Published online: 2017

Abstract

By convenience (non probability) sampling 60 patients of anal fissure were divided into two equal groups, one each for manual dilatation and lateral internal sphincterotomy. Anal fissure secondary to specific pathology i.e. syphilis, tuberculosis, crohn’s disease were excluded from study. Data was collected on specific proforma and was put to “SPSS” version 10.0- on computer. It was analyzed for frequency, percentages and mean ± standard deviation. Chi-square test was applied and p ≤ 0.05 was considered significant. In this study 30 patients were male and 30 were females. Minimum age was two years and maximum was 70 years with mean ± standard deviation of 33.60 ± 14.88. Duration of symptoms was from 4 to 18 months with mean ± standard deviation of 10.38 ± 4.488. in thirty patients, lateral internal sphincterotomy was done and manual anal dilatation was done to others.
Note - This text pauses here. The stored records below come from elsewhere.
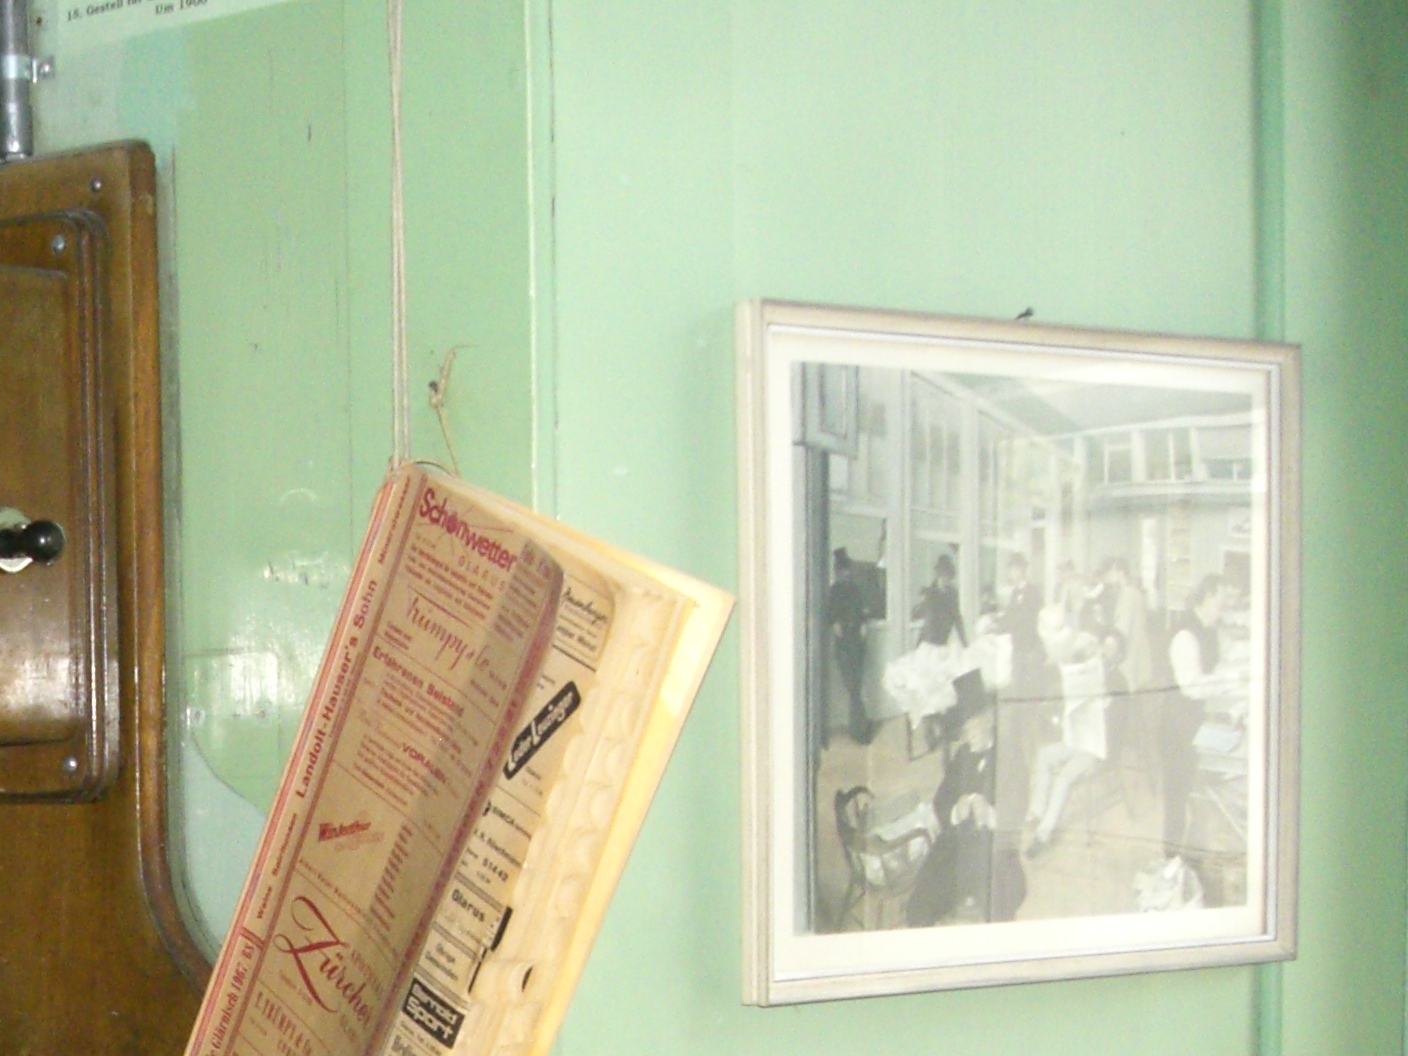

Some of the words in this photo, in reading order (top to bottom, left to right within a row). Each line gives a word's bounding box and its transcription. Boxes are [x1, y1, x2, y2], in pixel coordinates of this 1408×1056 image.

[155, 5, 175, 16] Um
[295, 635, 359, 799] Landolt-Hauser's
[353, 579, 379, 629] Sohn
[452, 888, 485, 922] Glarus
[405, 995, 454, 1040] Sport
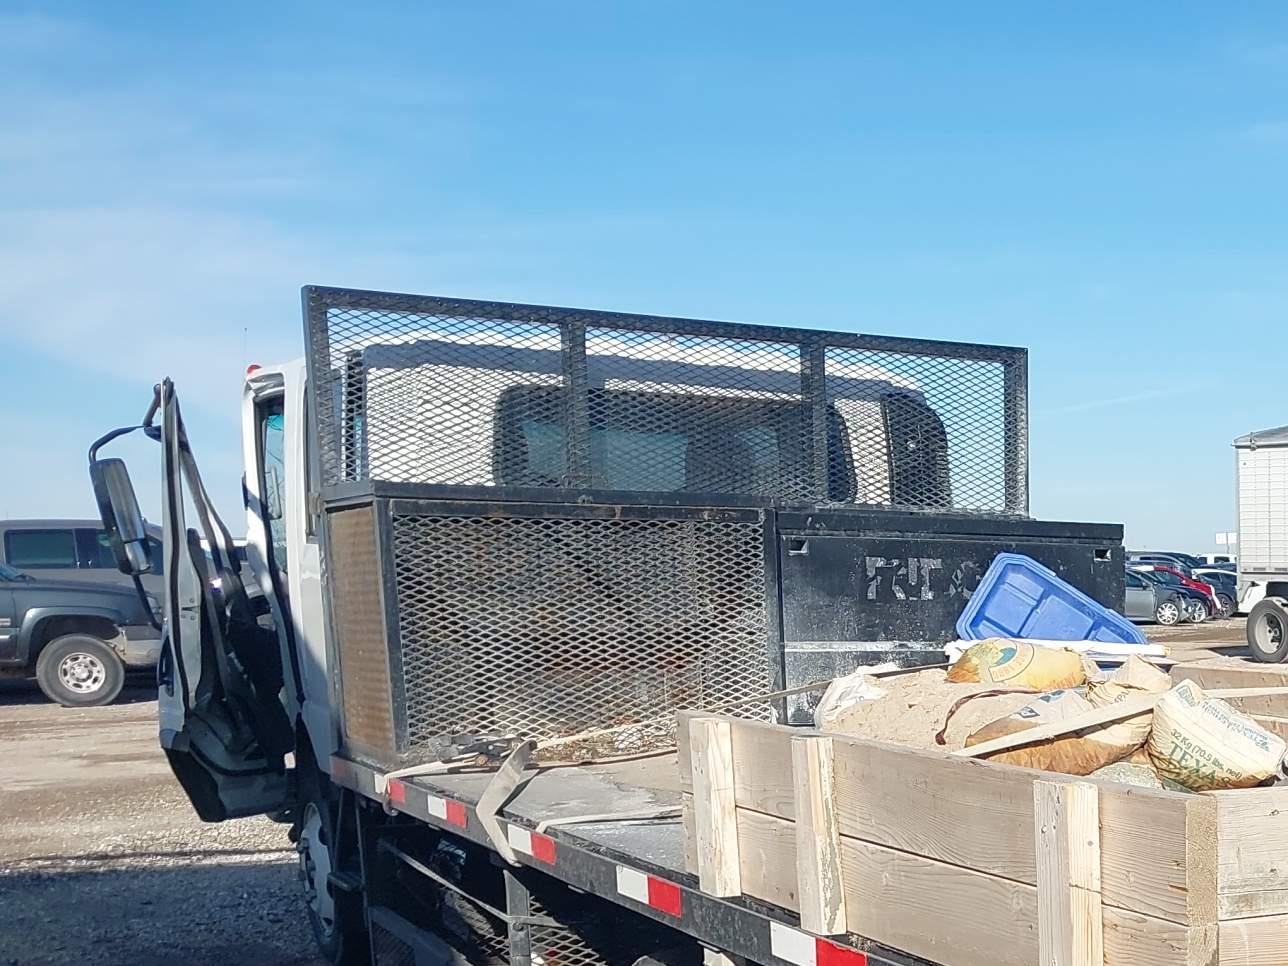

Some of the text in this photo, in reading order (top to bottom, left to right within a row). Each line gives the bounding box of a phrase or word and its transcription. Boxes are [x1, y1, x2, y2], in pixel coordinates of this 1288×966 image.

[1170, 729, 1182, 740] 32
[1181, 737, 1193, 751] Kg
[1225, 767, 1243, 779] net)
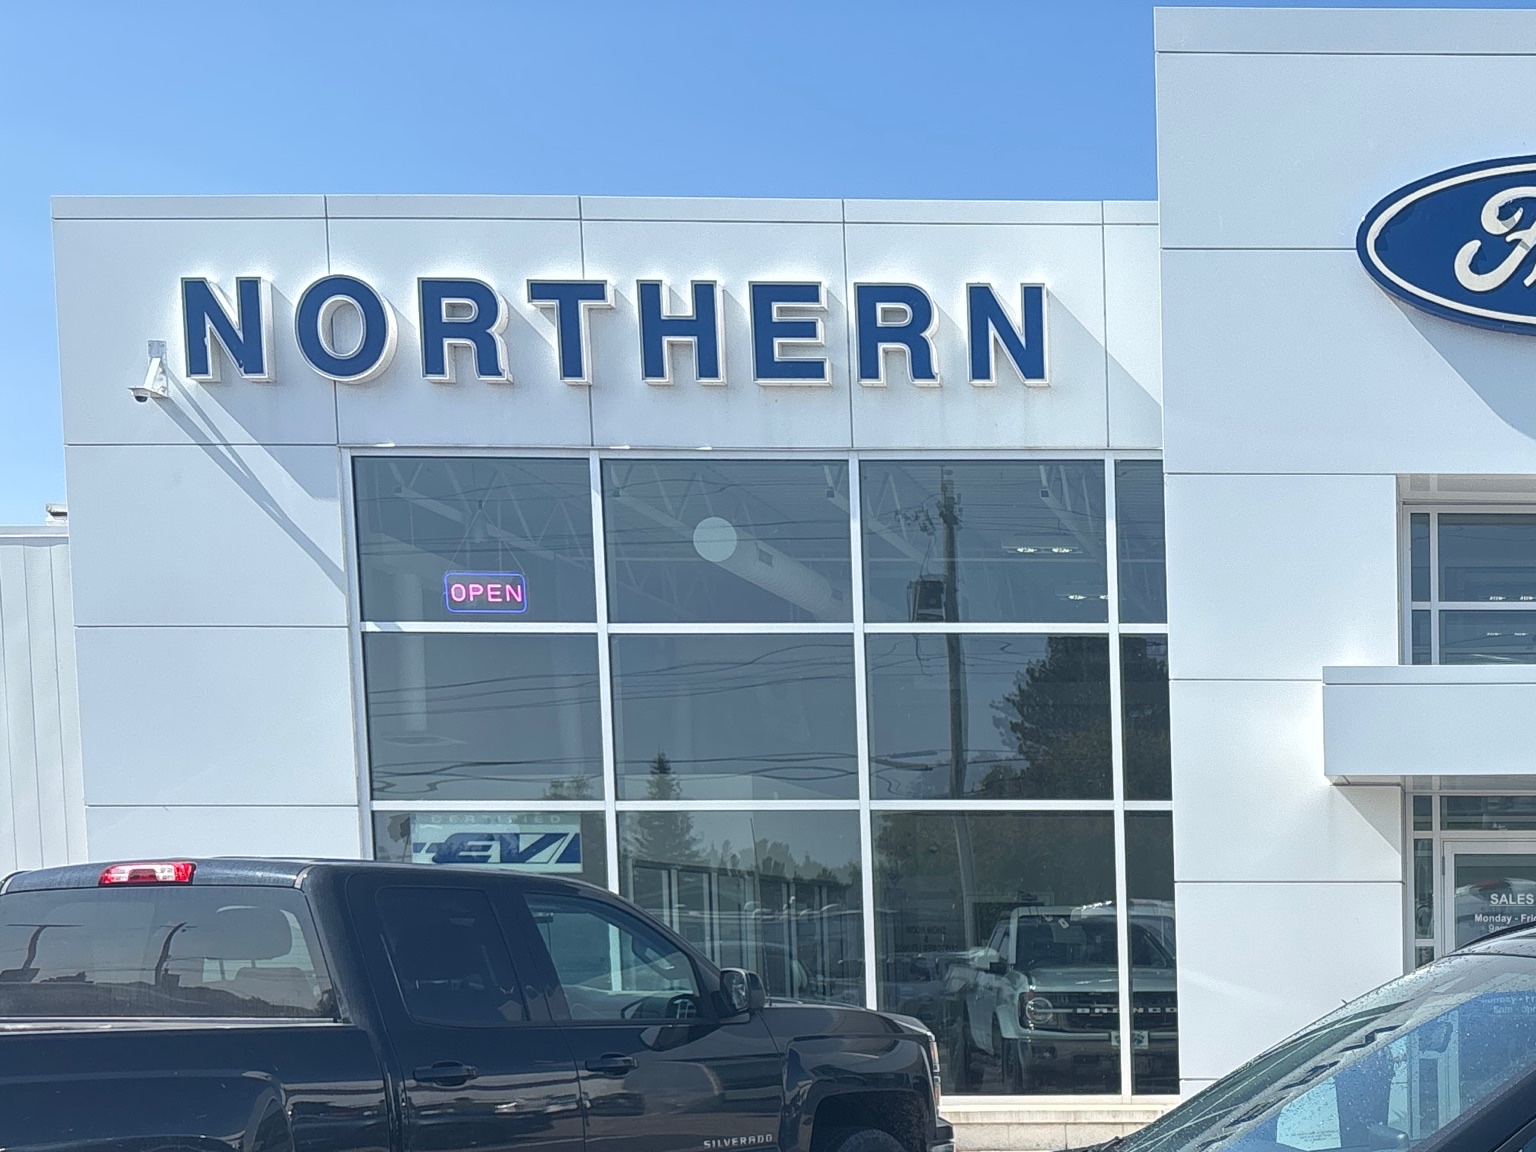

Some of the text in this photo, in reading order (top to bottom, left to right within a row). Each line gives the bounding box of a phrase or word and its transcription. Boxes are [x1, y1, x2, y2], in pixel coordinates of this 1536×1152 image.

[180, 274, 1050, 387] NORTHERN
[450, 583, 522, 602] OPEN
[431, 814, 561, 824] CERTIFIED
[432, 833, 570, 864] EV
[1490, 893, 1535, 905] SALES
[1474, 914, 1512, 924] Monday
[703, 1134, 773, 1149] SILVERADO
In 14 patients existing posterior anal tag was also removed. In one patient haemorrhoidectomy and lateral internal sphincterotomy were simultaneously done with good results. Complete pain relief was found in 29 patients in lateral internal sphincterotomy group as compared to 17 patients of manual anal dilatation group with p = 0.001 which is highly significant. Flatus incontinence, cloth soiling and recurrence were significantly less in lateral internal sphincterotomy group. Fissure healing was much better in lateral internal sphincterotomy group with significant p value of 0.002.The results of the present study concluded that lateral internal sphincterotomy is surgical treatment of choice for patients with anal fissure. It has a very high cure and very low complication rate as compared to manual anal dilatation. At the same time, it avoids damaging external anal sphincterotomy which is unavoidable in manual anal dilatation.